E’ del 80% il tasso di mortalità dei malati Covid ricoverati nella Terapia Intensiva degli Ospedali Riuniti di Sciacca e Ribera.

Il dato si ricava dalla risposta fornita dalla Direzione Sanitaria Aziendale ad una richiesta di informazioni, avanzata dal Tribunale per i Diritti del Malato di Cittadinanzattiva-Sciacca, finalizzata a per l’appunto a conoscere il numero dei pazienti ricoverati al Giovanni Paolo II in terapia intensiva Covid-19 dal 1 febbraio 2020 al 20 febbraio 2021 (data della richiesta) e il correlativo indice di mortalità.

La Direzione Sanitaria ha comunicato che nel periodo predetto sono stati ricoverati 31 pazienti, di cui 25 deceduti e 6 trasferiti in Medicina Covid-19 per miglioramento del quadro clinico.

Trova quindi conferma ufficiale quanto era stato finora solo una opinione diffusa a livello di opinione pubblica cittadina, ossia che il tasso di mortalità tra i pazienti Covid in terapia intensiva a Sciacca fosse comunque elevato, nonostante la riconosciuta professionalità e abnegazione profusa dagli operatori ospedalieri che giornalmente si spendono sulla trincea di questa guerra contro la pandemia.

Sull’argomento il Tribunale per i Diritti del malato di Sciacca ha inviato una lettera al Presidente della Regione siciliana, all’Assessore regionale alla sanità e al Commissario dell’ASP di Agrigento, nella quale si richiede una indifferibile riflessione e verifica sulle possibili cause di un tale elevato tasso di mortalità, unitamente alla richiesta di una immediata attivazione a pieno regime del Centro COVID di Ribera, ripetutamente preannunciata in tempistiche mai rispettate.

Un recentissimo reportage della trasmissione televisiva PresaDiretta di Corrado Formigli ha riportato, in mancanza di dati pubblici in materia, quanto accertato da un gruppo di ricerca dell’Istituto Mario Negri, ossia che il tasso di mortalità medio in terapia intensiva Covid a livello nazionale è di quasi il 50% e, soprattutto, che i dati di mortalità variano moltissimo da terapia intensiva a terapia intensiva dei diversi ospedali sparsi sul territorio nazionale. 

Sullo stesso argomento, e in linea con quanto riferito da PresaDiretta, è reperibile tra l’altro in rete un’articolo a firma di Marco De Nardin pubblicato in data 2 ottobre 2020 su info@med4.care in cui si legge tra l’altro:

“Molte delle terapie intensive in Lombardia hanno avuto una mortalità inferiore a quella media, cioè attorno al 25-30%, mentre molte altre hanno avuto invece una mortalità ben superiore, attorno all’80%. Ovviamente la media di tutte le terapie intensive rimane attorno al 50%, frutto però di questi due picchi molto precisi”.

Nello stesso articolo l’autore si interroga sul come interpretare questa differenza tra le diverse terapie intensive Covid-19: “ È stata una carenza di macchinari o di personale o di competenze o cos’altro, che ha prodotto una differenza di risultati così significativa?” 

“Al di là della diversità della logistica, ovvero il luogo fisico che ha ospitato i pazienti, quello che è cambiato molto tra una terapia intensiva e l’altra è stato il personale.
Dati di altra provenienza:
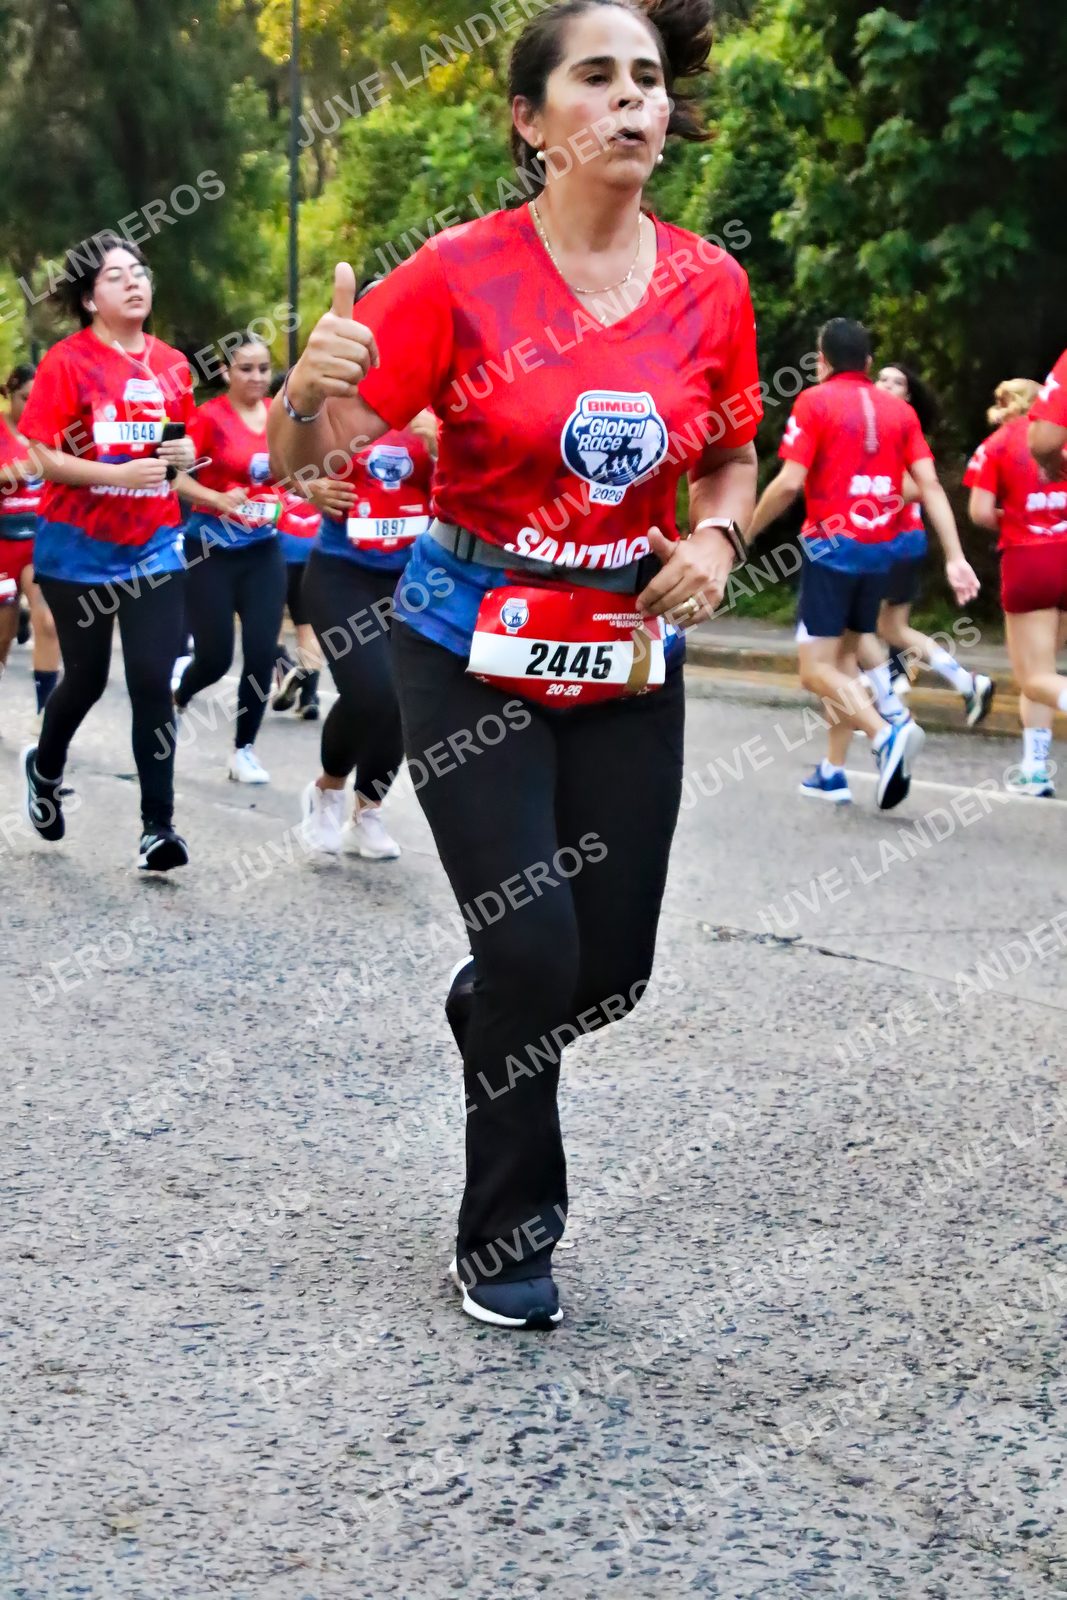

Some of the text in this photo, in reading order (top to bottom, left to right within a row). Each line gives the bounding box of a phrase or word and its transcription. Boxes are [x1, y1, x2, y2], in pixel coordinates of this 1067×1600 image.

La carenza di personale esperto” – si sostiene – “è la causa principale alla base delle differenze”. è la tesi portata avanti dal servizio speciale di info@med4.care.

Questa è quindi è la tesi portata avanti dal servizio speciale su info@med4.care con riferimento alla Lombardia, e nella parte dedicata alla conclusione si legge che “ la mortalità in terapia intensiva per Covid-19 nelle terapie intensive di alto livello (personale qualificato e macchinari adeguati) si aggira attorno al 25-40%, a seconda della complessità dei casi”; quella nelle terapie intensive di basso livello (con personale di fortuna e mezzi inadeguati) si aggira attorno al 80%. La media è frutto di queste due realtà ben diverse, che hanno coesistito durante il momento di massima allerta (si ricorda che l’articolo risale al 2 ottobre)”.